*Aim of the task*:
An exact copy of the records is needed; please leave the images out.

*Information*:
◆ ◆ ◆ ◆ ◆ ◆ ◆
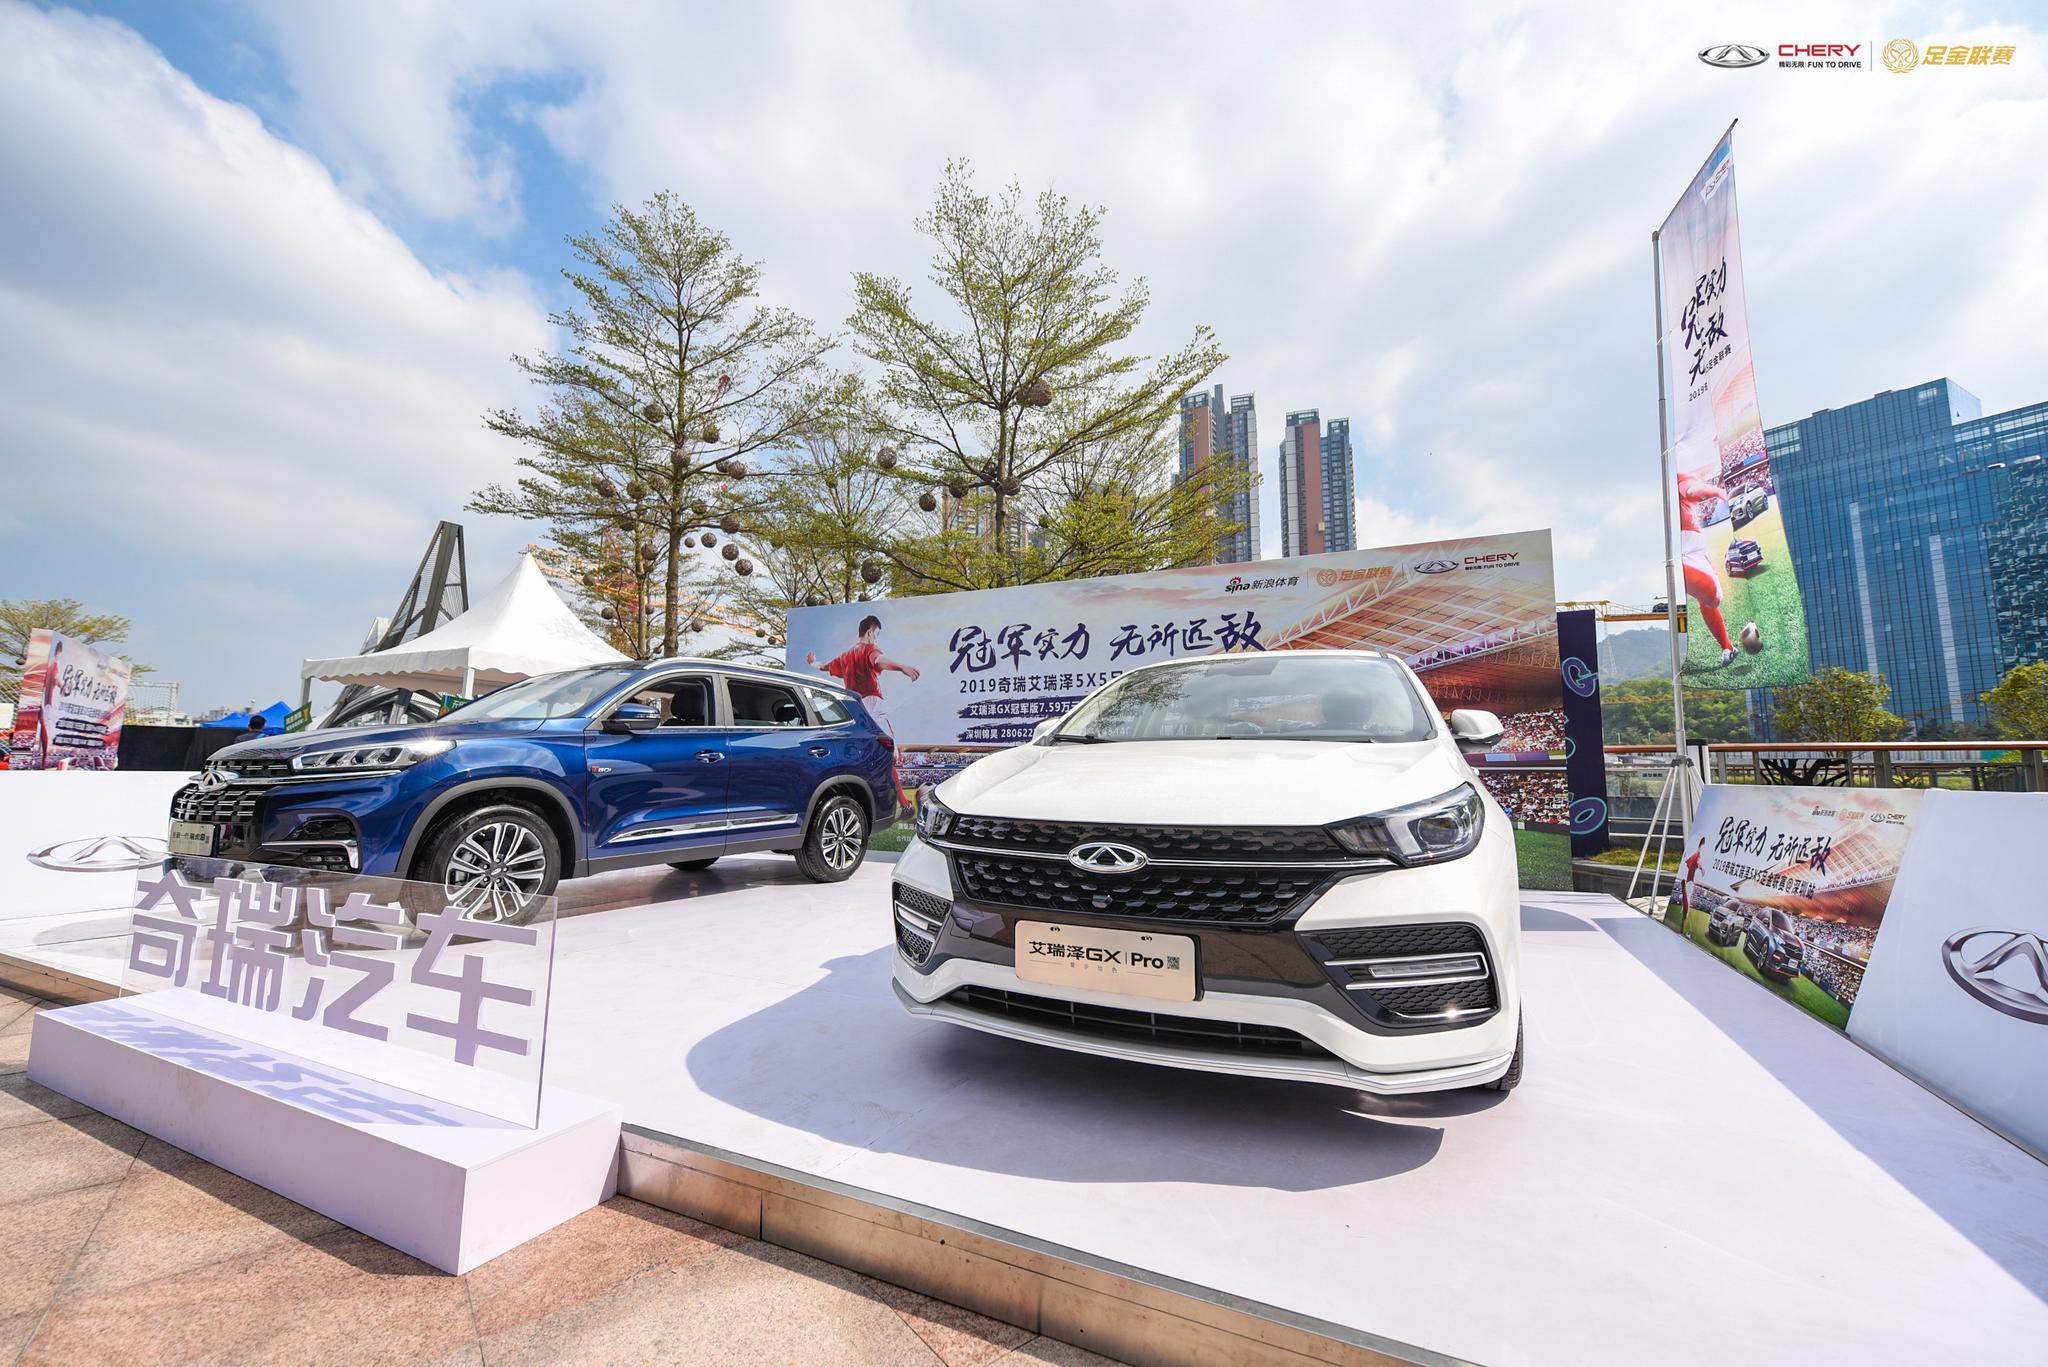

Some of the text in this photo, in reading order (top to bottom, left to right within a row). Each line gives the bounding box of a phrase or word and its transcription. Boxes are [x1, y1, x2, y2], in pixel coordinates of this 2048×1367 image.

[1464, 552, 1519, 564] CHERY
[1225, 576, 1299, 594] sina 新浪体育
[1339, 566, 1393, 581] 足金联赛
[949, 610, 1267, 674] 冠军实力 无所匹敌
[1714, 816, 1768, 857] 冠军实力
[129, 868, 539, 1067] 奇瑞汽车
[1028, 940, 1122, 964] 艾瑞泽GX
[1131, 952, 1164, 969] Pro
◆ ◆ ◆ ◆ ◆ ◆ ◆
*Exercise result*:
Some of the text in this photo, in reading order (top to bottom, left to right within a row). Each line gives the bounding box of a phrase or word and its transcription. Boxes are [x1, y1, x2, y2], in pixel coordinates of this 2048×1367 image.

[1464, 552, 1519, 564] CHERY
[1225, 576, 1299, 594] sina 新浪体育
[1339, 566, 1393, 581] 足金联赛
[949, 610, 1267, 674] 冠军实力 无所匹敌
[1714, 816, 1768, 857] 冠军实力
[129, 868, 539, 1067] 奇瑞汽车
[1028, 940, 1122, 964] 艾瑞泽GX
[1131, 952, 1164, 969] Pro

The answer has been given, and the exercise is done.